Why hadn’t he thought of it before? He dragged the courier under the colonnade. The roaring rush of rain turned into a hollow thudding on the sheltering roof.

“Let’s get you ready for the goddess!” Felix began stripping off the dead man’s soaked garments. Beggars who died on the streets were invariably found naked, picked clean. And with no garments, the body would probably not be identified quickly, if at all. There was nothing remarkable about it that he could see. A well fed young man whose muscles had not been taxed with labor. The packages he had delivered had never been very heavy.

Just another man murdered in the street. How could anyone link the captain of the excubitors with a naked corpse discovered far away from the palace?

He carried the man’s garments back to the public lavatory he remembered passing.
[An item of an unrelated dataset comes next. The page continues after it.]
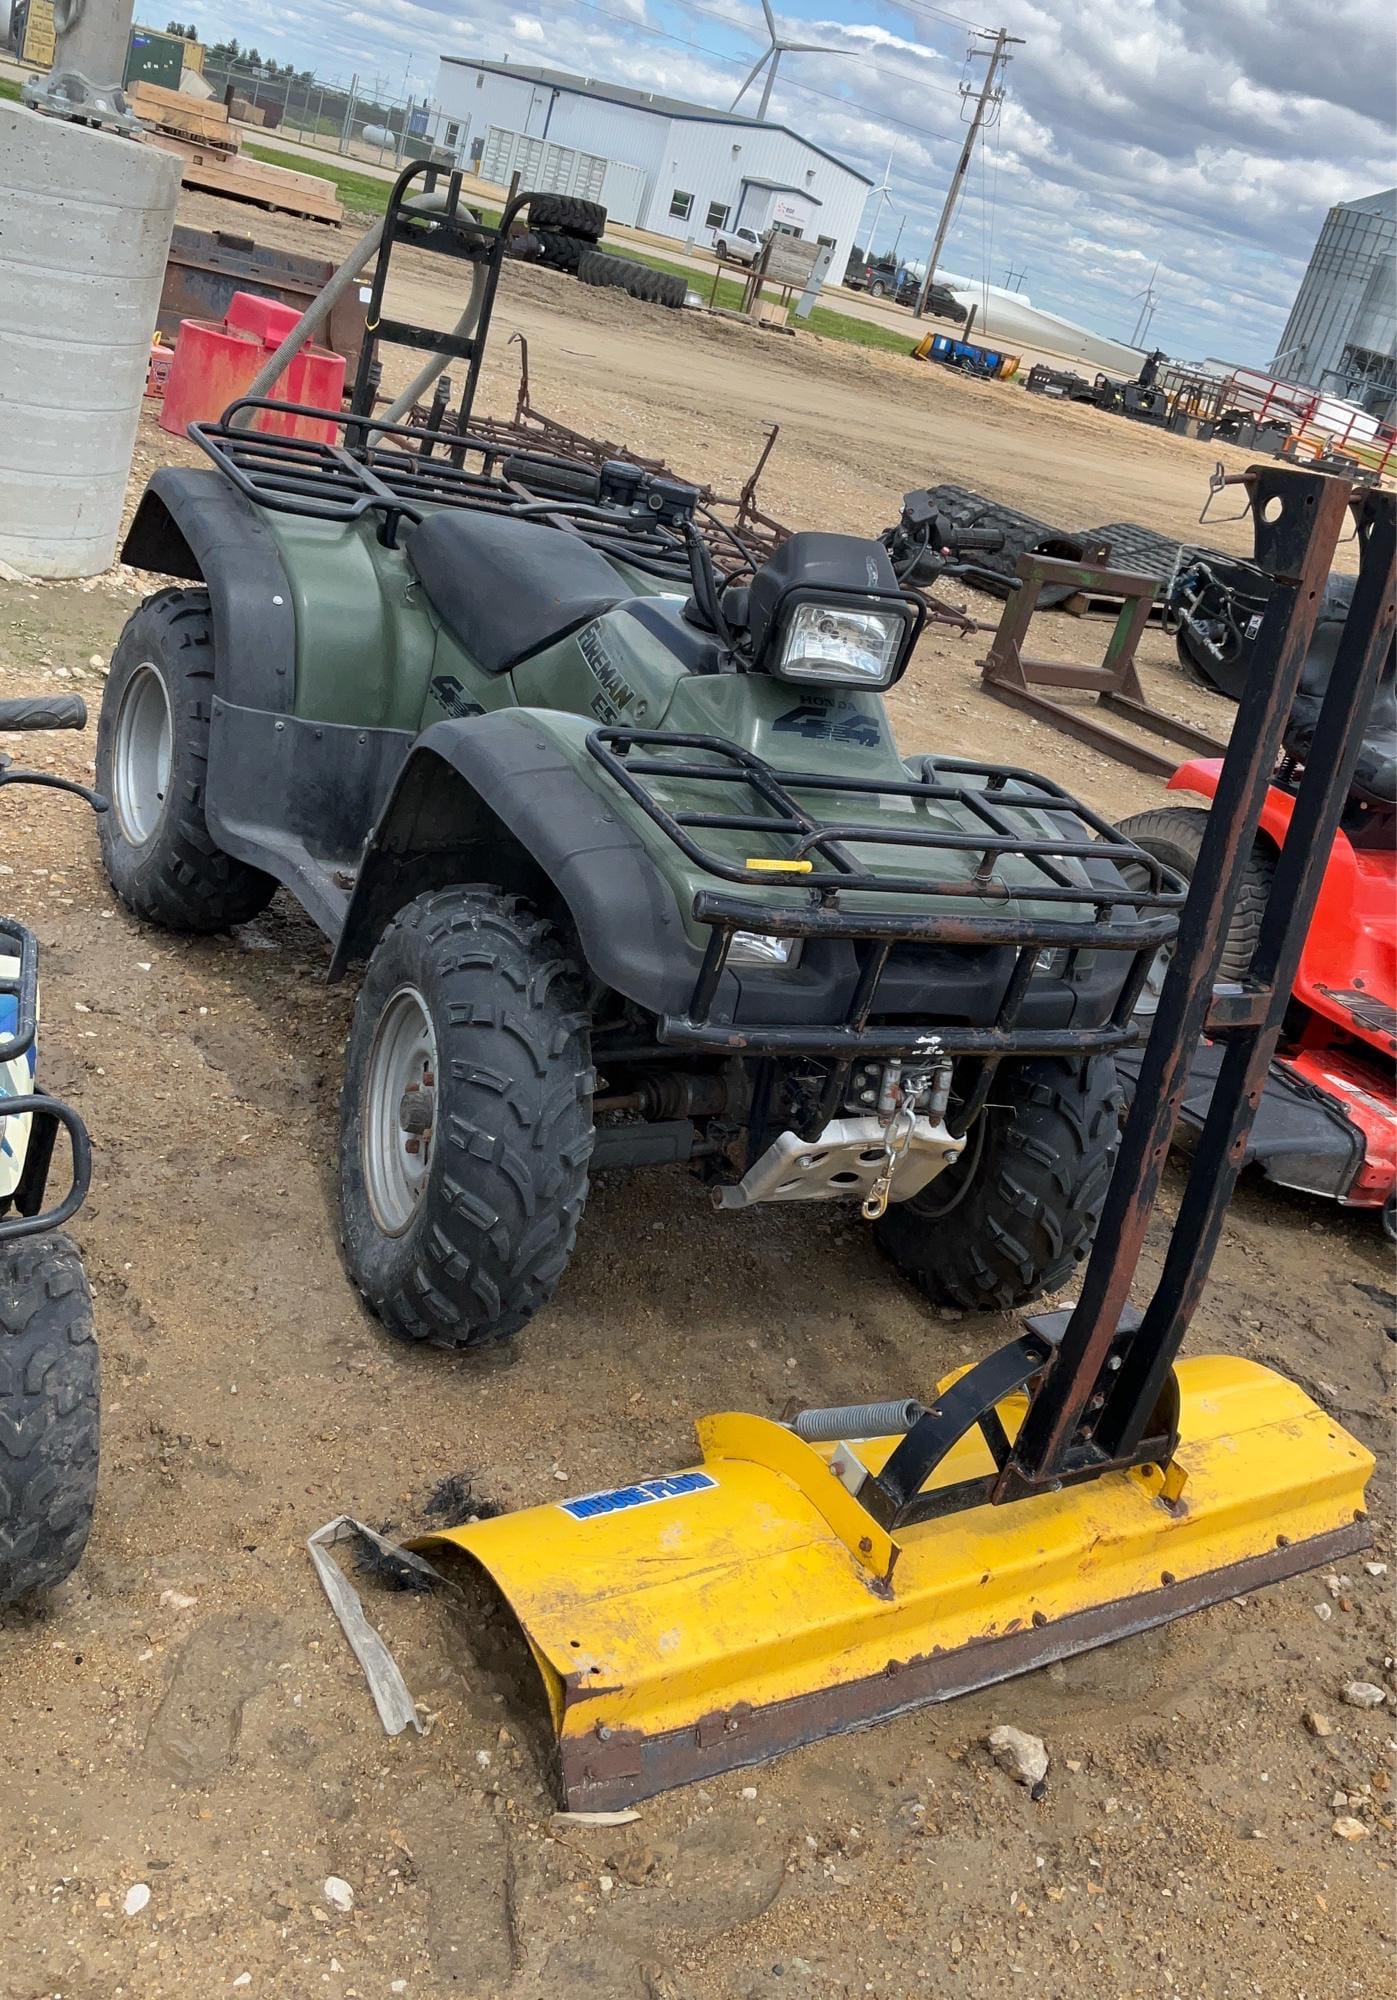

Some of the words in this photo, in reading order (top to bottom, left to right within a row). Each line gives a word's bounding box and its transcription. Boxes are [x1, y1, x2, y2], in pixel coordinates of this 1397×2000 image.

The foul weather had kept people off the streets and the long marble bench was deserted. A beggar jumped up from a corner and fled, perhaps mistaking Felix for the urban watch.

Felix stuffed the garments down a hole then relieved himself after them, thoughtfully.

John might have come up with a better plan. But he wasn’t here—for the time being.

Given Justinian’s whims, his friend would doubtless be returned to favor soon. It wasn’t as if John were dead.